WORK ORDER => Copy the line with "this 2000×1500 image." and all lines following it through the last line of the entries, exactly as written.
START ENTRIES PROVIDED
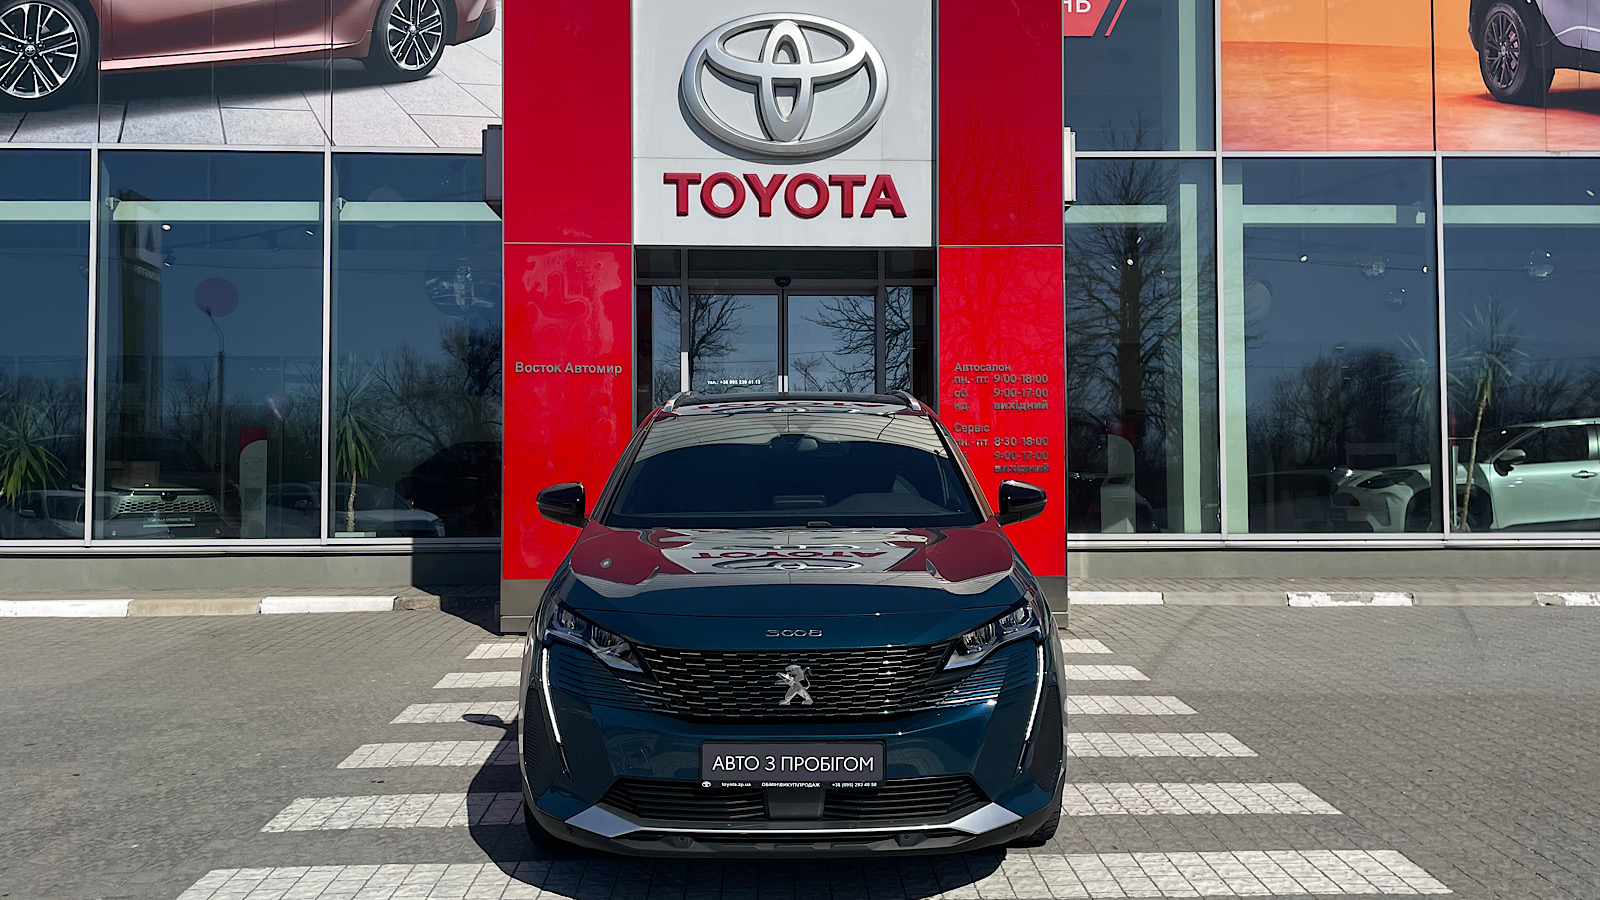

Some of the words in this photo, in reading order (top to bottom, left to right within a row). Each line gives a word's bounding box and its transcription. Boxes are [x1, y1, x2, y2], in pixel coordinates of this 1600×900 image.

[663, 172, 908, 219] TOYOTA
[515, 361, 562, 374] Восток
[564, 362, 623, 377] Автомир
[954, 362, 1011, 373] Автосалон
[993, 373, 1049, 384] 9:00-18:00
[993, 388, 1049, 398] 9:00-17:00
[993, 400, 1049, 412] вихідний
[954, 422, 990, 434] Сервіс
[994, 451, 1049, 461] 9:00-17:00
[994, 462, 1050, 474] вихідний
[765, 629, 823, 637] 3008
[712, 755, 760, 771] АВТО
[764, 756, 776, 772] З
[781, 756, 874, 772] ПРОБІГОМ
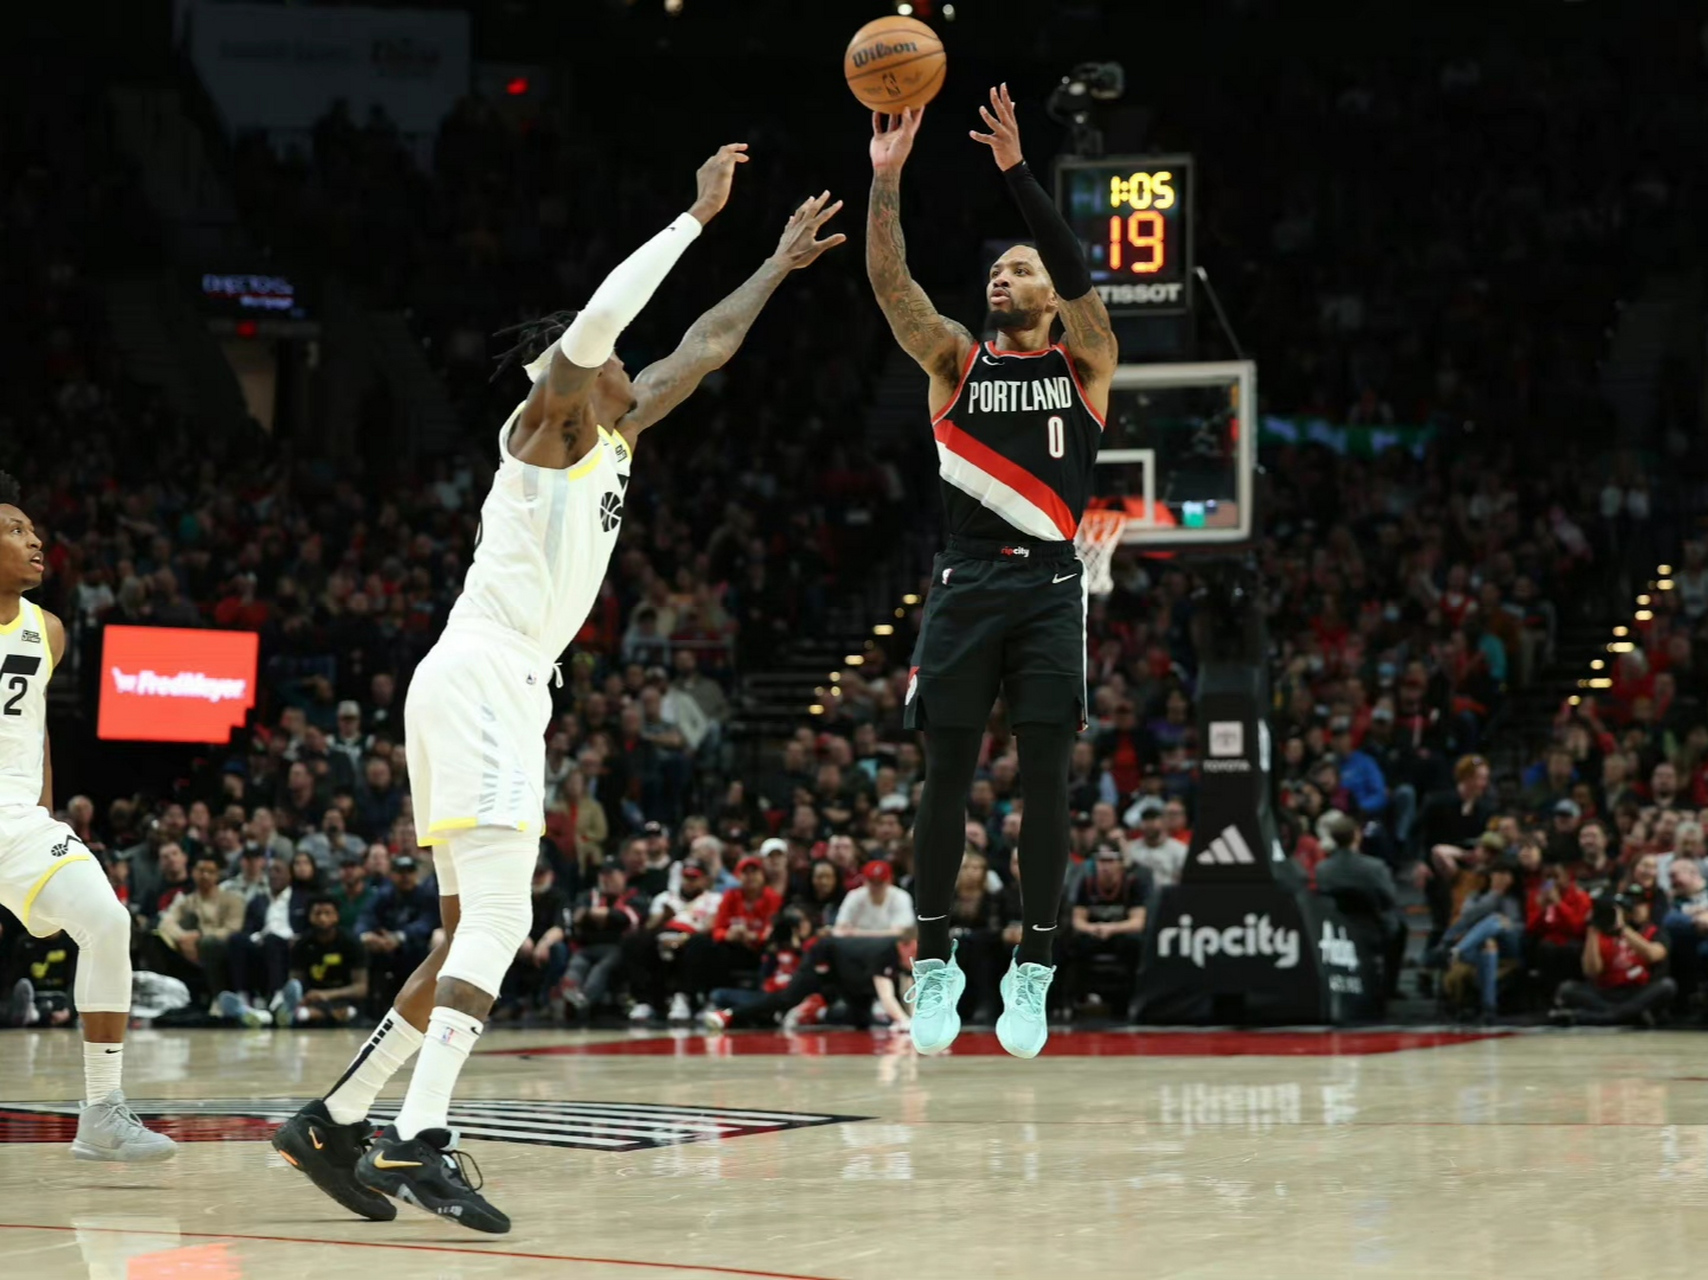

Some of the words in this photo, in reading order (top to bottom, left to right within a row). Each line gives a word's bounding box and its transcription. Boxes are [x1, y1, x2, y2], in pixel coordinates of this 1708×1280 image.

[852, 42, 917, 68] Wilson
[1110, 170, 1175, 210] 1:05
[1109, 210, 1165, 274] 19
[1098, 282, 1182, 304] TISSOT
[968, 376, 1072, 414] PORTLAND
[1048, 416, 1065, 459] 0
[1001, 546, 1030, 558] ripcity
[3, 676, 28, 716] 2
[1202, 758, 1252, 773] TOYOTA
[1157, 912, 1300, 969] ripcity
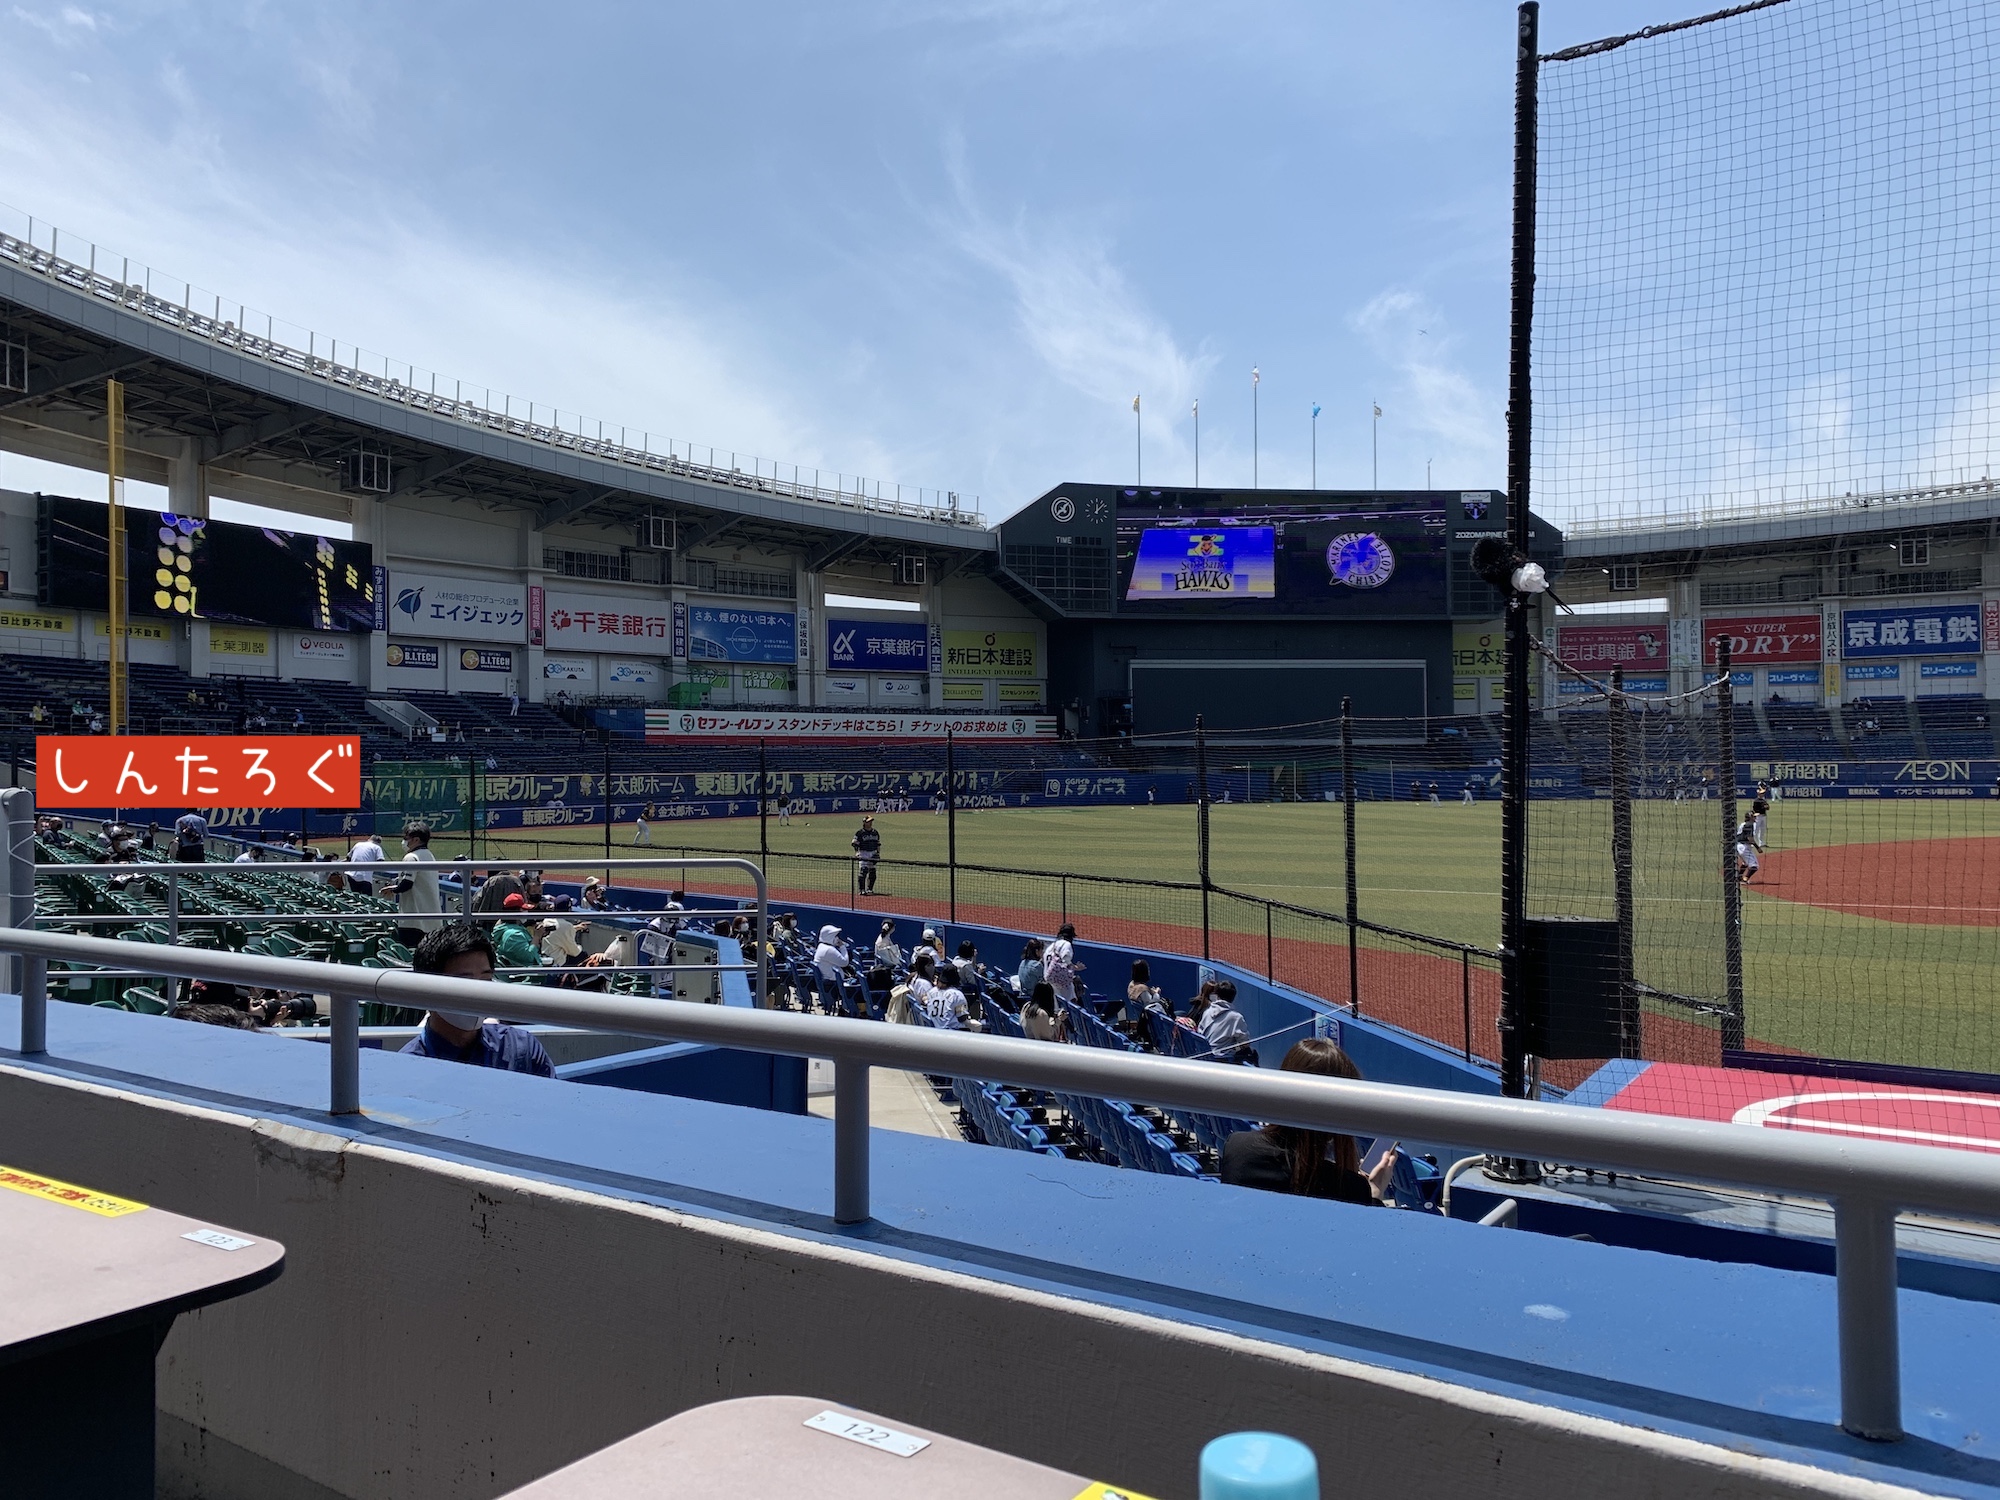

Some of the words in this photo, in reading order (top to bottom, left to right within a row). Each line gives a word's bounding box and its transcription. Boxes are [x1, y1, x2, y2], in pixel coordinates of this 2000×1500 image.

[1056, 536, 1072, 545] TIME
[1174, 570, 1232, 590] HAWKS
[1348, 573, 1383, 585] CHIBA
[374, 566, 383, 630] みずほ信託銀行
[435, 591, 519, 606] 人材の総合プロデュース企業
[430, 603, 524, 626] エイジェック
[531, 587, 541, 628] 新京成電鉄
[574, 612, 665, 637] 千葉銀行
[695, 610, 791, 628] さあ、煙のない日本へ。
[1744, 623, 1787, 634] SUPER
[1826, 612, 1837, 648] 京成バス
[1847, 616, 1978, 647] 京成電鉄
[313, 641, 344, 650] VEOLIA
[866, 637, 925, 657] 京葉銀行
[1561, 643, 1636, 662] ちば興銀
[405, 652, 437, 662] B.I.TECH
[480, 655, 510, 666] B.I.TECH
[948, 648, 1033, 666] 新日本建設
[778, 719, 904, 732] スタンドデッキはこちら！
[911, 720, 1008, 733] チケットのお求めは
[1774, 763, 1839, 780] 新昭和
[456, 776, 569, 801] 新東京グループ
[596, 776, 685, 796] 金太郎ホーム
[802, 773, 901, 792] 東京インテリア
[962, 795, 1006, 807] アインズホーム
[1785, 787, 1822, 797] 新昭和
[522, 807, 594, 825] 新東京グループ
[658, 805, 709, 818] 金太郎ホーム
[931, 999, 945, 1018] 31
[203, 1234, 233, 1245] 123
[843, 1423, 890, 1444] 122
END ENTRIES PROVIDED
RESULT OF THE EXERCISE =>
Some of the words in this photo, in reading order (top to bottom, left to right within a row). Each line gives a word's bounding box and its transcription. Boxes are [x1, y1, x2, y2], in pixel coordinates of this 2000×1500 image.

[1056, 536, 1072, 545] TIME
[1174, 570, 1232, 590] HAWKS
[1348, 573, 1383, 585] CHIBA
[374, 566, 383, 630] みずほ信託銀行
[435, 591, 519, 606] 人材の総合プロデュース企業
[430, 603, 524, 626] エイジェック
[531, 587, 541, 628] 新京成電鉄
[574, 612, 665, 637] 千葉銀行
[695, 610, 791, 628] さあ、煙のない日本へ。
[1744, 623, 1787, 634] SUPER
[1826, 612, 1837, 648] 京成バス
[1847, 616, 1978, 647] 京成電鉄
[313, 641, 344, 650] VEOLIA
[866, 637, 925, 657] 京葉銀行
[1561, 643, 1636, 662] ちば興銀
[405, 652, 437, 662] B.I.TECH
[480, 655, 510, 666] B.I.TECH
[948, 648, 1033, 666] 新日本建設
[778, 719, 904, 732] スタンドデッキはこちら！
[911, 720, 1008, 733] チケットのお求めは
[1774, 763, 1839, 780] 新昭和
[456, 776, 569, 801] 新東京グループ
[596, 776, 685, 796] 金太郎ホーム
[802, 773, 901, 792] 東京インテリア
[962, 795, 1006, 807] アインズホーム
[1785, 787, 1822, 797] 新昭和
[522, 807, 594, 825] 新東京グループ
[658, 805, 709, 818] 金太郎ホーム
[931, 999, 945, 1018] 31
[203, 1234, 233, 1245] 123
[843, 1423, 890, 1444] 122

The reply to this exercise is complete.